Nowadays the sakkos is the priestly vestment par excellence in the Orthodox Church, though its origins are in the imperial wardrobe [vestiario].  Its introduction into the ecclesiastical vestments is attested only from the 15th century. It was mainly used as a patriarchal garment, though it was in more general use in the late Byzantine period as an episcopal vestment.  The sakkos is a short, wide tunic in the shape of a T, with short, broad sleeves.  The two parts which go to make up the garment are sewn together at the shoulders, while the sides remain open and are tied together with cords or ribbons.
The Byzantine Museum sakkos is made of red silk with a linen lining.  It is open at the sides and joined in places with ribbons from which little bells hang down.  It has images embroidered on both sides.  On the front is the image of Christ the Vine: Christ, placed at the point where the criss-crossing branches of the vine meet, is blessing.

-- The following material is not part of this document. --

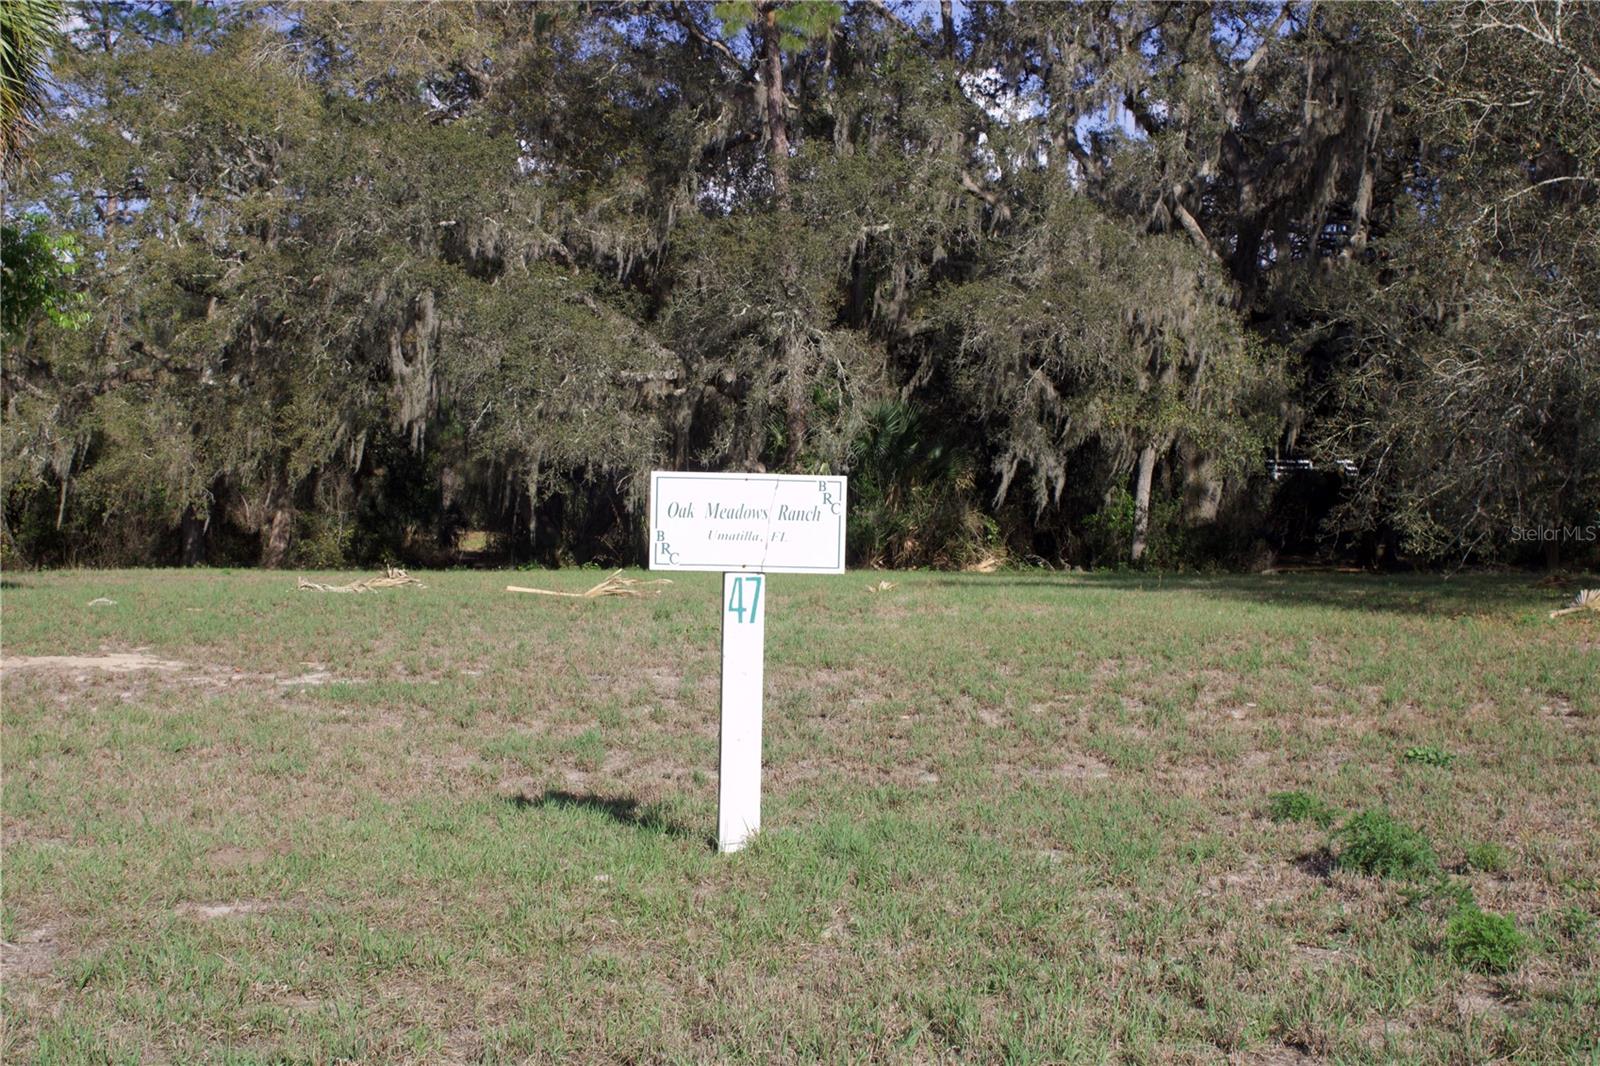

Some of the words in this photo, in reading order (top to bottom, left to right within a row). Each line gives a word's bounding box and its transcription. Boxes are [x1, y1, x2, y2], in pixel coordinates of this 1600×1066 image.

In the rounded shapes produced by the ends of the tendrils the apostles are depicted in busts.  This subject, with its salvationist, eucharistic and eschatological content, helps to put across the eucharistic message, being a reminder of the divine eucharist (since the wine is the blood of Christ).  On the left sleeve is depicted the angel of the Annunciation and on the right sleeve is the Virgin.  On the other side the sakkos develops the iconographic subject "The Prophets Above".  An enthroned Virgin and Child are flanked by busts of the prophets in a foliate scroll.  Above the Virgin's head is a seraph holding two rhipidia.  The scene is inscribed: ΜΑΡΙΑ ΚΥΡΙΑ ΤΩΝ ΑΓΓΕΛΩΝ (Mary Our Lady of the Angels).  The composition underlines Mary's role in the Incarnation of Christ, a role which had already been foreseen by the prophets of the Old Testament.  In the lower part of the textile is a two-headed eagle, symbol of Byzantium and of the universality of the Patriarchate of Constantinople in the years after the Fall of Constantinople.
The sakkos comes from Mesembria in Eastern Roumeli (now Bulgaria).  It has been dated to the 17th century and has been attributed to an Epirote workshop.